Una vez difundidas las imágenes, han surgido rápidamente las críticas de quienes consideran altamente inapropiado que niños tan pequeños sean expuestos a escenas tan cruentas, aunque estas quejas suenan más en el extranjero que en Dinamarca. Los diarios británicos califican las fotos de “horribles” y “chocantes”, mientras que la asociación animalista PETA Australia (país natal de Mary) ha criticado duramente a la pareja real.

“No hay nada noble en disparar contra animales indefensos por diversión”, ha manifestado una de sus portavoces, Ashley Fruno. “Teniendo en cuenta la conocida relación entre la crueldad con los animales en la infancia y las conductas violentas en edad adulta, no sólo es una falta de sensibilidad que los príncipes enseñen a sus hijos que matar animales es aceptable, sino que también es una pésima decisión paternal. Hay muy poca gente hoy que no considere la caza como un deporte violento y sangriento, como un placer barato en tomar una vida y una exhibición de poder sin sentido sobre quienes no lo tienen”.

Momento en el que, según medios daneses, el príncipe le dice a su hijo: "Yo maté al que está más lejos". / GTRES

Momento en el que, según medios daneses, el príncipe le dice a su hijo: “Yo maté al que está más lejos”. / GTRES

La cacería de Grib es una tradición anual que reúne a aristócratas daneses y franceses, y que en principio se lleva a cabo para evitar la sobrepoblación de ciervos, es decir, para que la población resulte sostenible de acuerdo con la capacidad del territorio. La reina Margarita también estuvo presente, pero llamó la atención la ausencia, por primera vez en muchos años, de su marido, el príncipe consorte Enrique, otro experto cazador.

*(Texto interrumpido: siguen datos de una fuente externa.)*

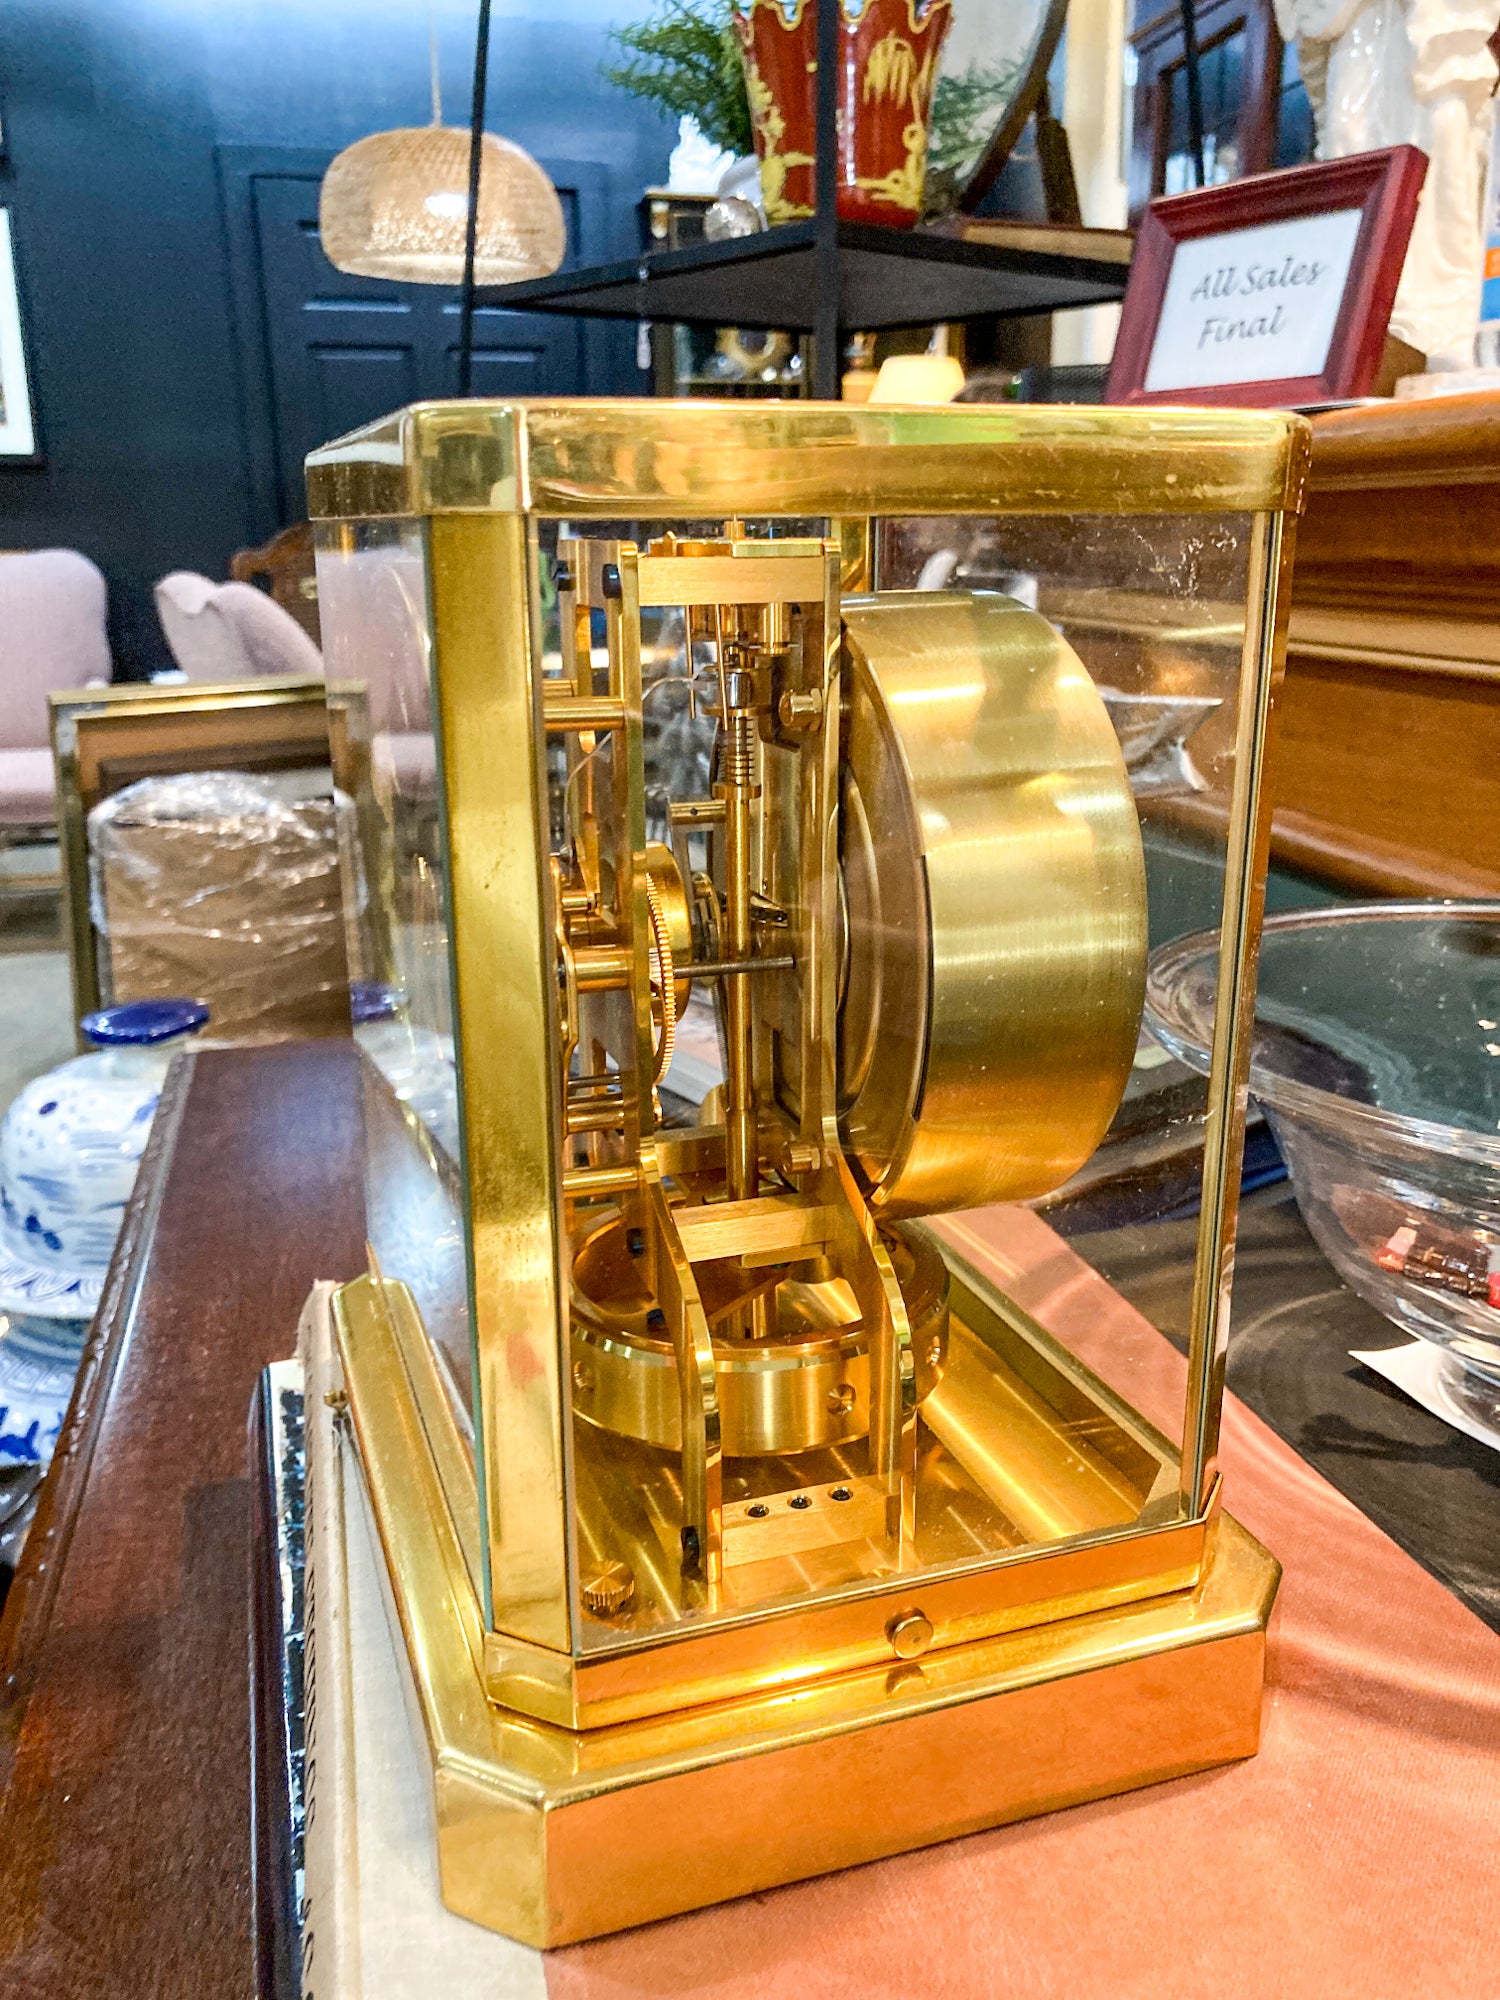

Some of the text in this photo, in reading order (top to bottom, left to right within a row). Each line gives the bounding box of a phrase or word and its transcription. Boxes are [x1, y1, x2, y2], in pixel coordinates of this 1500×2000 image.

[1190, 256, 1325, 302] All Sales
[1197, 304, 1287, 350] Final
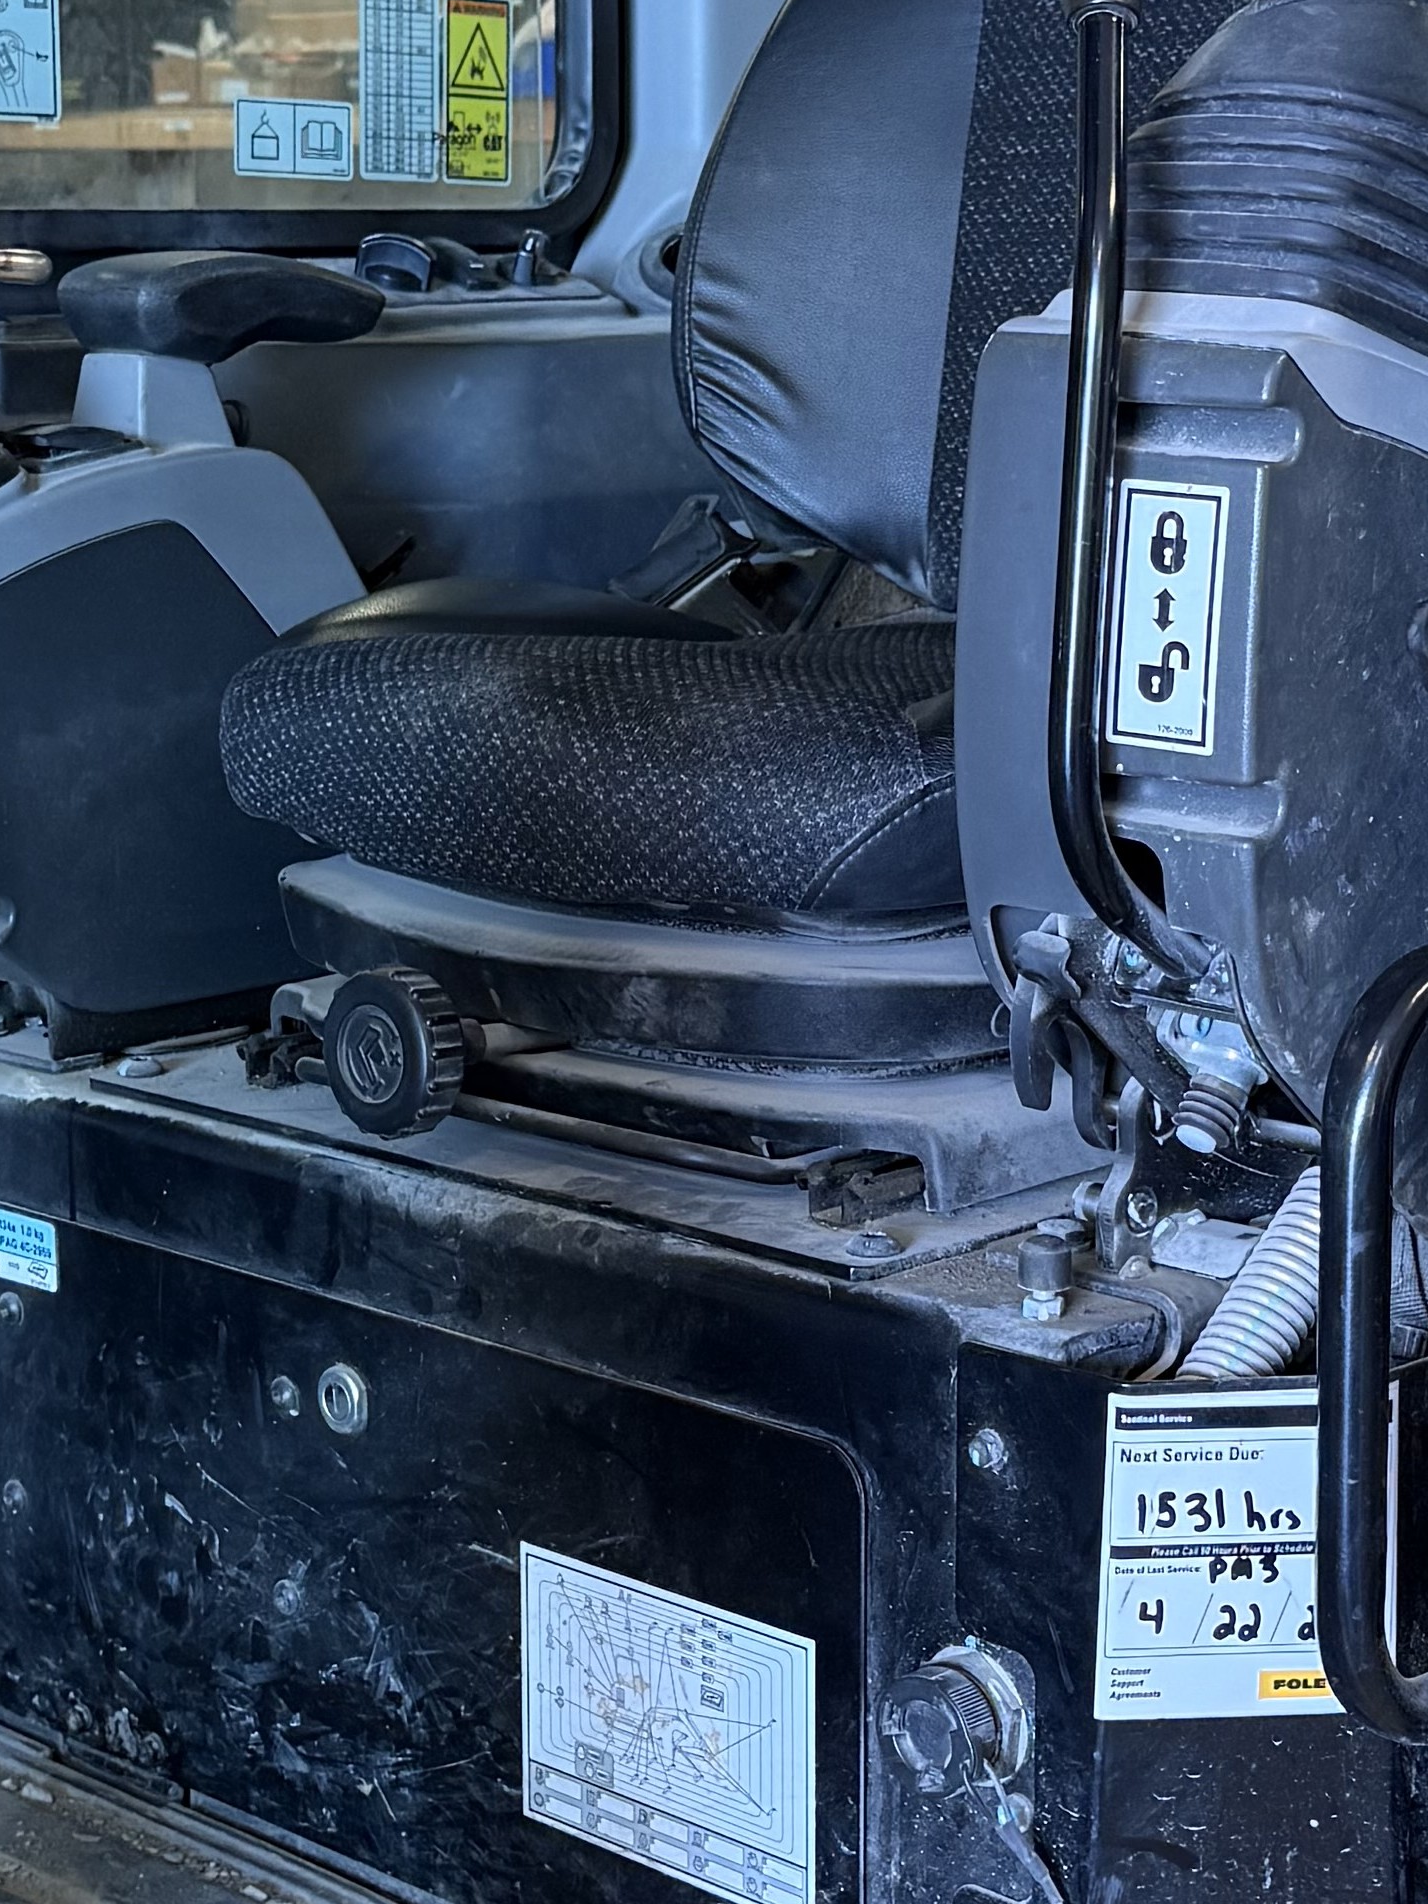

En cualquier caso, la conflictiva relación entre los ciervos y la familia real danesa viene de lejos. En los sótanos del palacio copenagués de Rosenborg todavía puede admirarse la cornamenta de 12 astas del ciervo que en octubre de 1698 supuestamente causó la muerte de Christian V. El animal, acorralado por la jauría real, hirió al monarca, que nunca se recuperó de sus lesiones y falleció 10 meses después.